» **Brief**
Below are the records. Transcribe them exactly.
Top of Supplied entries
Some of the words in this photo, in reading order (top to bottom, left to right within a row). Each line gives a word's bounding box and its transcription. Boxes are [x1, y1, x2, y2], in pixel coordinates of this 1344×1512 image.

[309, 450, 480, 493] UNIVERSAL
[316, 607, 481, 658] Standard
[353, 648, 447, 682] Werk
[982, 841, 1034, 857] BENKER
Bottom of Supplied entries
» **Answer area**
Some of the words in this photo, in reading order (top to bottom, left to right within a row). Each line gives a word's bounding box and its transcription. Boxes are [x1, y1, x2, y2], in pixel coordinates of this 1344×1512 image.

[309, 450, 480, 493] UNIVERSAL
[316, 607, 481, 658] Standard
[353, 648, 447, 682] Werk
[982, 841, 1034, 857] BENKER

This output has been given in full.